Data to use.
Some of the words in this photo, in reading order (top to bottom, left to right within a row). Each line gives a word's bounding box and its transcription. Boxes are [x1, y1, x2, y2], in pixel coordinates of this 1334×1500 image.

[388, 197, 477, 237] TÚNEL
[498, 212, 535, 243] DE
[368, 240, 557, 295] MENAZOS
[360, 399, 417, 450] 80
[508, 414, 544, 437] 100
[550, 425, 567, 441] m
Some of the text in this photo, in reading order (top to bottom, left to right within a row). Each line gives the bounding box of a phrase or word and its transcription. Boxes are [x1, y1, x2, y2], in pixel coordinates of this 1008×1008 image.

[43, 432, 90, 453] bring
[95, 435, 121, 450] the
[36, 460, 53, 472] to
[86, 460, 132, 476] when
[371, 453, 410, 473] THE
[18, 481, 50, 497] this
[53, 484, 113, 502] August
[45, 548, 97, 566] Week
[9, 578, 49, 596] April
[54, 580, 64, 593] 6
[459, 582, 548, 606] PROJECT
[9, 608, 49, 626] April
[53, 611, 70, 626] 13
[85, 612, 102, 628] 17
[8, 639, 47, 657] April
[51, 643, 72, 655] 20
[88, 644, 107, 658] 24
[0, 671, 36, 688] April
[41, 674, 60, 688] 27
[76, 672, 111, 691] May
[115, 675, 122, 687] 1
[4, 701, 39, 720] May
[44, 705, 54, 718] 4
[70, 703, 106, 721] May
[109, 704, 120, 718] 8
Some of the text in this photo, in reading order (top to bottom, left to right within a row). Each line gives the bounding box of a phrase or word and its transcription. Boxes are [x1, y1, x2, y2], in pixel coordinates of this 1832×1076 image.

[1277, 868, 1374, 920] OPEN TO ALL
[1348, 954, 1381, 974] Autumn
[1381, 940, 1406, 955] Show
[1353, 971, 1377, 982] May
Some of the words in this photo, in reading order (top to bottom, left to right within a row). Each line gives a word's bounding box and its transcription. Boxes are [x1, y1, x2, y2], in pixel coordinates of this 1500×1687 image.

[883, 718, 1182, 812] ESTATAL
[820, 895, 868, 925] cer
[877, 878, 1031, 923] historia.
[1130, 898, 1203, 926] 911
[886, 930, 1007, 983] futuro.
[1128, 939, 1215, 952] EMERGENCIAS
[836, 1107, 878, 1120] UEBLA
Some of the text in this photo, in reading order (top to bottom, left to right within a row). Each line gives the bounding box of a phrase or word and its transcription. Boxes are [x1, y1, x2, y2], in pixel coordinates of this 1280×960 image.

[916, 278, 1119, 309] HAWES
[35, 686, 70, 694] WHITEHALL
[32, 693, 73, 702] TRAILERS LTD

Required action.
Having read the entries, output all of them verbatim.

Solution for this exercise.
Some of the words in this photo, in reading order (top to bottom, left to right within a row). Each line gives a word's bounding box and its transcription. Boxes are [x1, y1, x2, y2], in pixel coordinates of this 1334×1500 image.

[388, 197, 477, 237] TÚNEL
[498, 212, 535, 243] DE
[368, 240, 557, 295] MENAZOS
[360, 399, 417, 450] 80
[508, 414, 544, 437] 100
[550, 425, 567, 441] m
Some of the text in this photo, in reading order (top to bottom, left to right within a row). Each line gives the bounding box of a phrase or word and its transcription. Boxes are [x1, y1, x2, y2], in pixel coordinates of this 1008×1008 image.

[43, 432, 90, 453] bring
[95, 435, 121, 450] the
[36, 460, 53, 472] to
[86, 460, 132, 476] when
[371, 453, 410, 473] THE
[18, 481, 50, 497] this
[53, 484, 113, 502] August
[45, 548, 97, 566] Week
[9, 578, 49, 596] April
[54, 580, 64, 593] 6
[459, 582, 548, 606] PROJECT
[9, 608, 49, 626] April
[53, 611, 70, 626] 13
[85, 612, 102, 628] 17
[8, 639, 47, 657] April
[51, 643, 72, 655] 20
[88, 644, 107, 658] 24
[0, 671, 36, 688] April
[41, 674, 60, 688] 27
[76, 672, 111, 691] May
[115, 675, 122, 687] 1
[4, 701, 39, 720] May
[44, 705, 54, 718] 4
[70, 703, 106, 721] May
[109, 704, 120, 718] 8
Some of the text in this photo, in reading order (top to bottom, left to right within a row). Each line gives the bounding box of a phrase or word and its transcription. Boxes are [x1, y1, x2, y2], in pixel coordinates of this 1832×1076 image.

[1277, 868, 1374, 920] OPEN TO ALL
[1348, 954, 1381, 974] Autumn
[1381, 940, 1406, 955] Show
[1353, 971, 1377, 982] May
Some of the words in this photo, in reading order (top to bottom, left to right within a row). Each line gives a word's bounding box and its transcription. Boxes are [x1, y1, x2, y2], in pixel coordinates of this 1500×1687 image.

[883, 718, 1182, 812] ESTATAL
[820, 895, 868, 925] cer
[877, 878, 1031, 923] historia.
[1130, 898, 1203, 926] 911
[886, 930, 1007, 983] futuro.
[1128, 939, 1215, 952] EMERGENCIAS
[836, 1107, 878, 1120] UEBLA
Some of the text in this photo, in reading order (top to bottom, left to right within a row). Each line gives the bounding box of a phrase or word and its transcription. Boxes are [x1, y1, x2, y2], in pixel coordinates of this 1280×960 image.

[916, 278, 1119, 309] HAWES
[35, 686, 70, 694] WHITEHALL
[32, 693, 73, 702] TRAILERS LTD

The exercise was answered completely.